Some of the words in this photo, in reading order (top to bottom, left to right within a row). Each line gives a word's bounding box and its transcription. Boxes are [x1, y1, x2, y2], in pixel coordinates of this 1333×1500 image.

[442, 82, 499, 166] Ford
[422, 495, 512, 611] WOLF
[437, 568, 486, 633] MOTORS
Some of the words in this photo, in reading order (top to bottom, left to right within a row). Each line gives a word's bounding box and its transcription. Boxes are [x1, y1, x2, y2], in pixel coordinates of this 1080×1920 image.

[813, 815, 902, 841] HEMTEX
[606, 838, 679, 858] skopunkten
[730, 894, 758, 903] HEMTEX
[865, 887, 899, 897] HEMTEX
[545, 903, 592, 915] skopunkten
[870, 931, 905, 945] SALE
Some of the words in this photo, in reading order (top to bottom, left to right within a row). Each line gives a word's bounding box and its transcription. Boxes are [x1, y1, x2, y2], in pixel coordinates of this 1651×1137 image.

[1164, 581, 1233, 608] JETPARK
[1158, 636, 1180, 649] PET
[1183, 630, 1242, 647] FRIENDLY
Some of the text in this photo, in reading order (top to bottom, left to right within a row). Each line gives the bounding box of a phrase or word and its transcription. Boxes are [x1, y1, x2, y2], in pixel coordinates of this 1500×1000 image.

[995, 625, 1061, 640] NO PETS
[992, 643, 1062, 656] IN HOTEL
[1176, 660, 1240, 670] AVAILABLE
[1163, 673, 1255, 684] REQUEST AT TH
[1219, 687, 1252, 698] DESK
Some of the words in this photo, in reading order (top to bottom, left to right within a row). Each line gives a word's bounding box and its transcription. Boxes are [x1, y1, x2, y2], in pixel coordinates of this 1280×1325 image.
::::::
**Instructions to follow**:
Could you copy exactly the lines from the one containing "Some of the text" through the end of the records above, and nothing more?

**Expected output**:
Some of the text in this photo, in reading order (top to bottom, left to right within a row). Each line gives the bounding box of a phrase or word and its transcription. Boxes are [x1, y1, x2, y2], in pixel coordinates of this 1500×1000 image.

[995, 625, 1061, 640] NO PETS
[992, 643, 1062, 656] IN HOTEL
[1176, 660, 1240, 670] AVAILABLE
[1163, 673, 1255, 684] REQUEST AT TH
[1219, 687, 1252, 698] DESK
Some of the words in this photo, in reading order (top to bottom, left to right within a row). Each line gives a word's bounding box and its transcription. Boxes are [x1, y1, x2, y2], in pixel coordinates of this 1280×1325 image.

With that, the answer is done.